Gadis berambut pirang itu berdiri di antara gedung pertokoan yang berhimpitan antara gedung yang satu dengan yang lainnya. Sesekali dia memandang ke arah jam tangan yang melingkar di salah satu pergelangan tangannya lalu mengangkat kepalanya memandang ke arah jalanan.Pandangan Hyo Yeon--nama gadis berambut pirang panjang itu--seakan-akan mencari sesuatu. Lebih tepatnya mencari seseorang. Seseorang yang tidak pernah datang meskipun ia menunggu selama apa pun.
Ia tahu bahwa penantiannya itu hanya sia-sia belaka, tapi Hyo Yeon tetap saja menunggu di tempat dan jam yang sama hampir setiap harinya.
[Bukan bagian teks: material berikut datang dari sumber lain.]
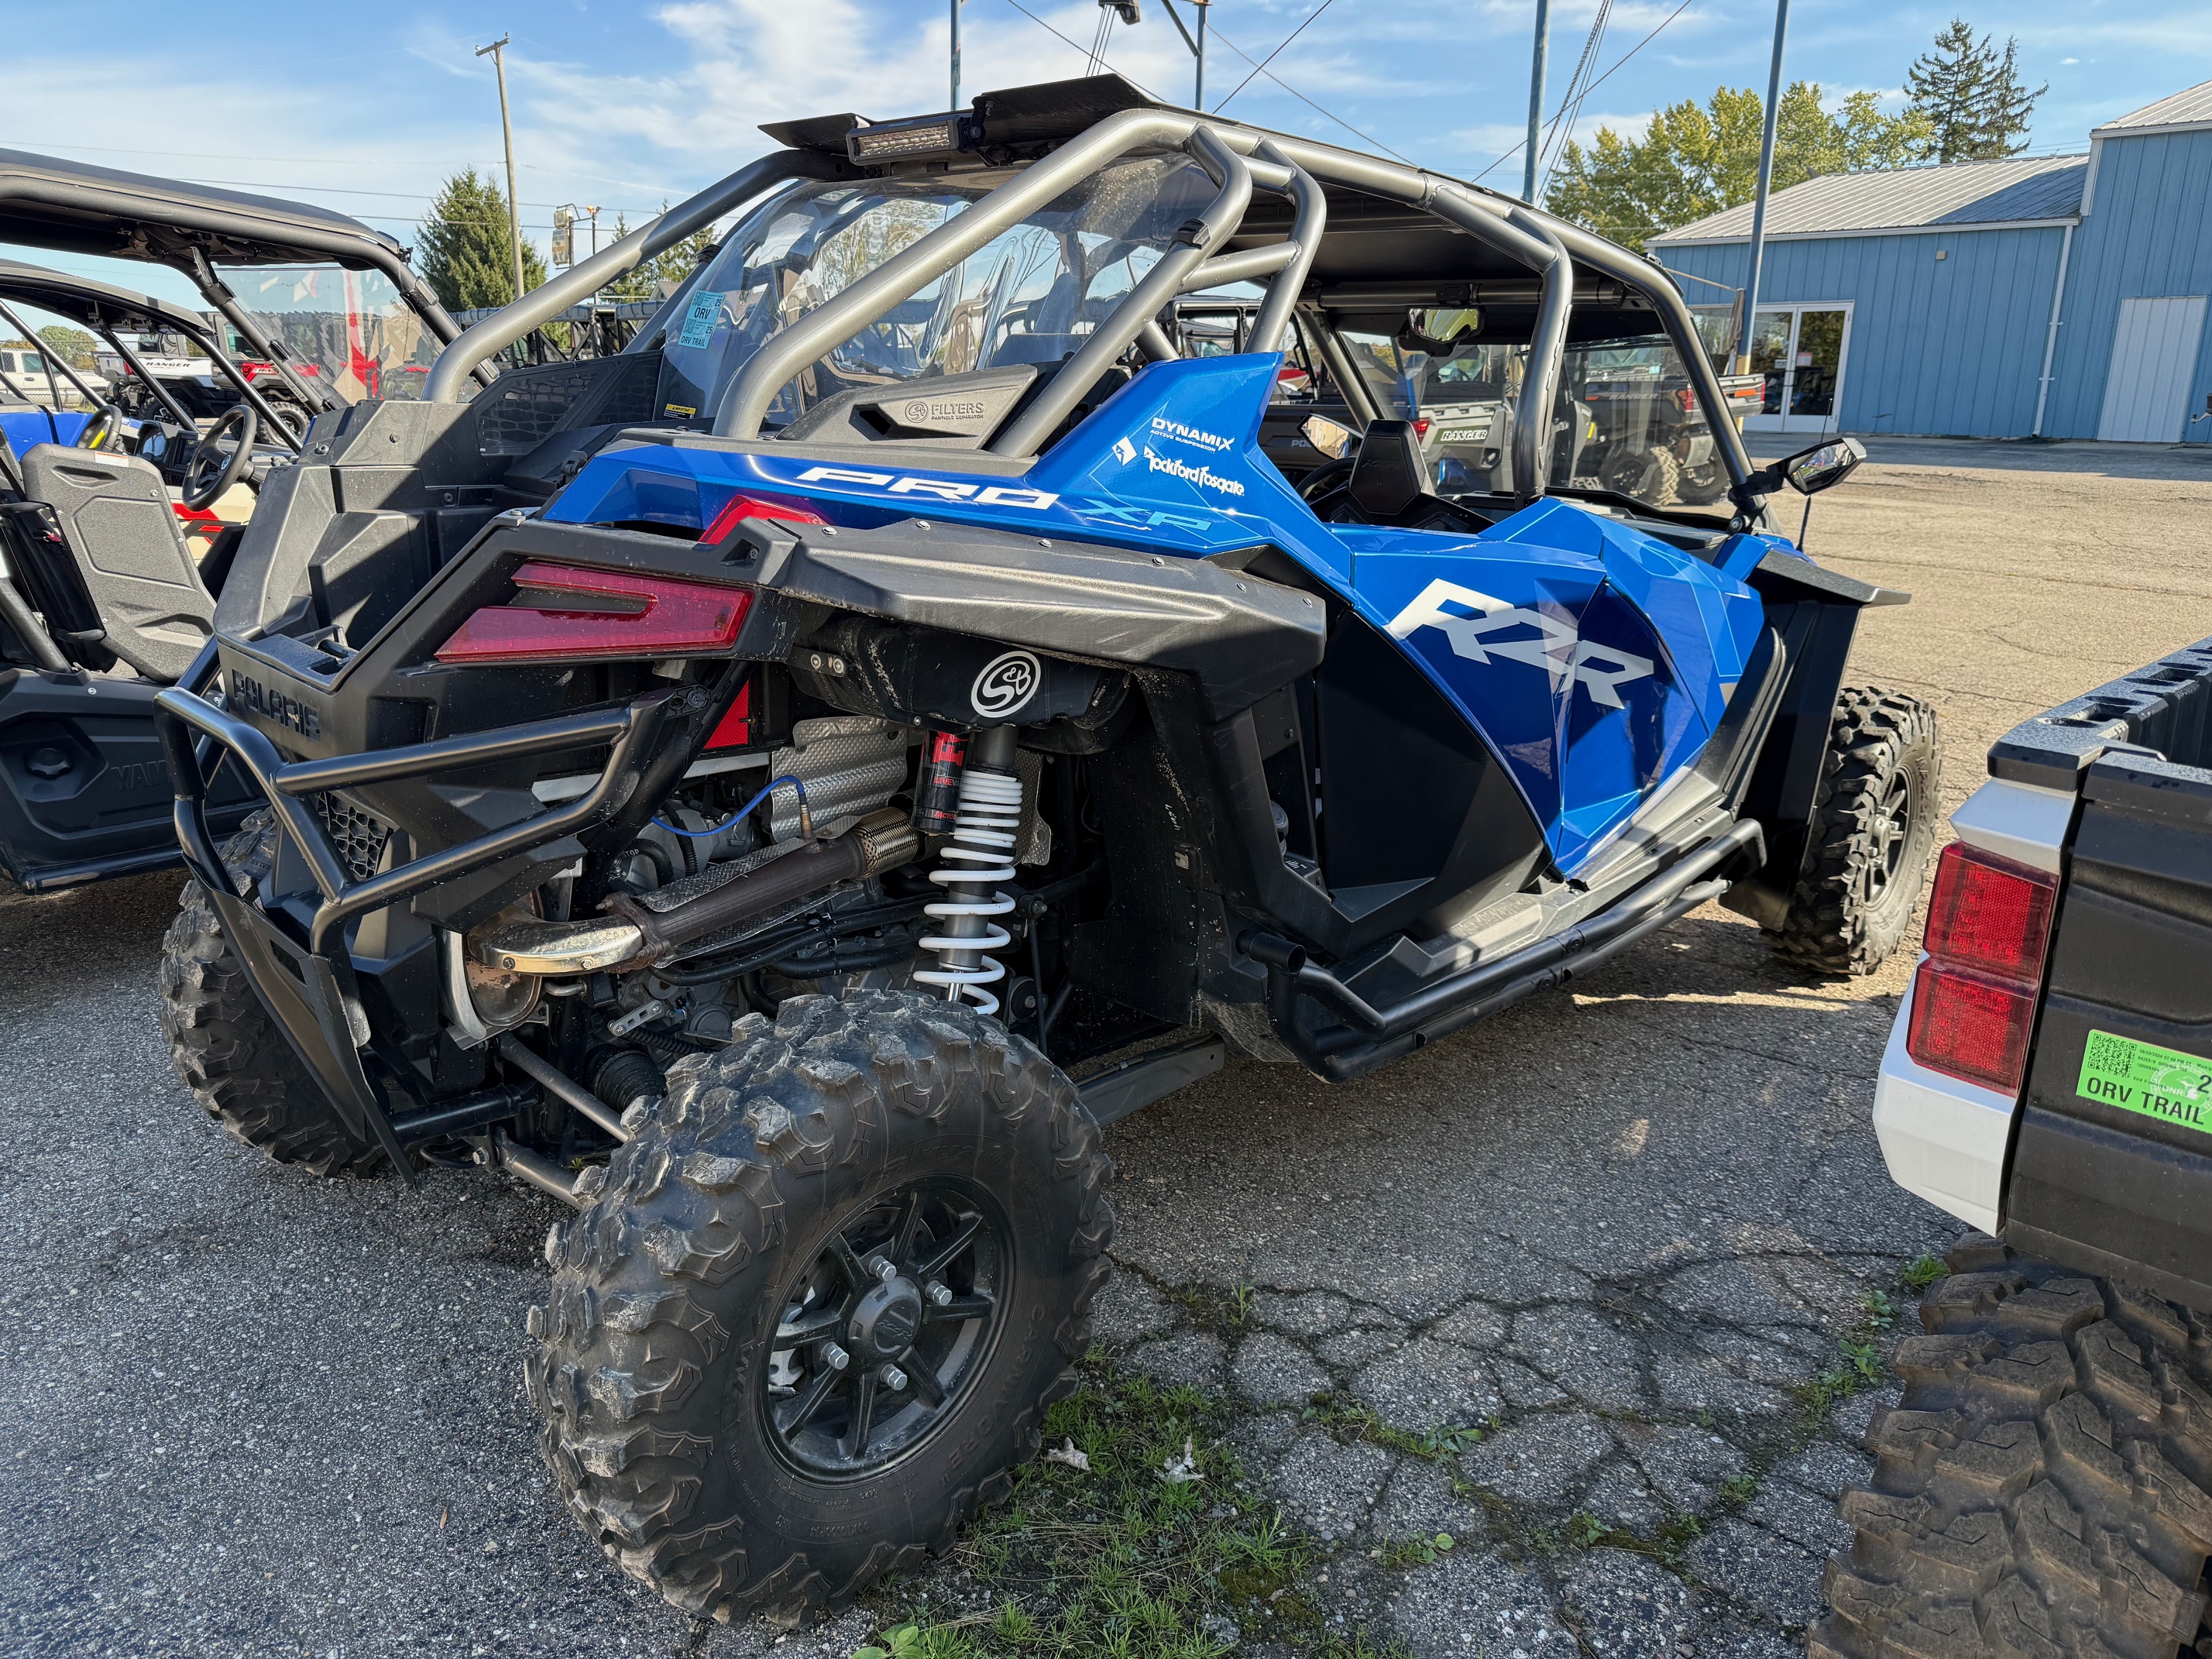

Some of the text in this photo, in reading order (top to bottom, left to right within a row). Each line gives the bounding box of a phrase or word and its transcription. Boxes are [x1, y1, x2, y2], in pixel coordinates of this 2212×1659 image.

Meskipun terkadang melelahkan, Hyo Yeon tidak pernah bosan melakukannya.
Hyo Yeon tetap bertekad untuk tetap melakukannya sampai dia mendapatkan jawaban yang diinginkan.
Tapi hari ini rasanya tidak seperti biasanya. Semakin ia yakin, semakin besar juga keraguan dalam hatinya bahwa hal yang dilakukannya itu sia-sia saja.
Berawal dari enam bulan lalu ketika Hyo Yeon tidak sengaja melanggar janji pertemuan dia dengan lelaki itu. Bukan kemauan Hyo Yeon juga mengurungkan janjinya. Karena suatu hal yang sangat penting Hyo Yeon terpaksa melakukan hal itu.
Dia kira lelaki itu mau memaafkan kesalahannya, karena Hyo Yeon sendiri merasa sudah meminta maaf dengan setulus dan berkata sejujur mungkin. Namun ternyata laki-laki itu belum memaafkannya.
Di tempat yang sama seperti Hyo Yeon yang menunggunya saat ini, laki-laki itu memutuskan hubungan tiba-tiba dengan gadis berambut pirang itu. Tanpa ada angin dan hujan, terjadi begitu saja. Hyo Yeon yang masih belum bisa melepaskan lelaki itu bertekad akan terus menunggunya sampai laki-laki itu kembali padanya.
Di dalam lubuk hati yang terdalam Hyo Yeon tahu bahwa apa yang dilakukan itu semua sia-sia saja. Tapi, di satu sisi juga dia menyangkal dan meyakini bahwa usaha yang seseorang lakukan pasti akan tetap membuahkan hasil.
Memang membuahkan hasil, tapi tidak sesuai dengan apa yang diyakininya.
Hyo Yeon melihat tiap wajah orang-orang yang lewat melintas di depannya. Tidak ada wajah yang ia tunggu bahkan ia kenali. Tidak ada dia di antara satu pun orang yang lewat malam itu.
Setelah enam bulan berlalu, apakah ini jawaban yang Hyo Yeon terima? Apakah Hyo Yeon harus menerima kenyataan bahwa semuanya sudah selesai? Enam bulan penantiannya tidak membuahkan hasil seperti yang diinginkannya.
Laki-laki itu sama sekali tidak menunjukan tanda-tanda akan kembali kepelukannya.
Hyo Yeon kembali melirik jam tangan di pergelangan tangannya, jam menunjukan pukul 22.00 malam. Udara dingin mulai menusuk ke dalam kulitnya. Meski pun memakai jaket yang tebal tetap saja masih terasa.
Udara malam menjelang musim gugur memang lebih dingin dari biasanya. Kaki Hyo Yeon mulai terasa pegal dan kebas karena berdiri terlalu lama. Jemarinya juga terasa membeku, tapi ia masih belum beranjak dari tempatnya.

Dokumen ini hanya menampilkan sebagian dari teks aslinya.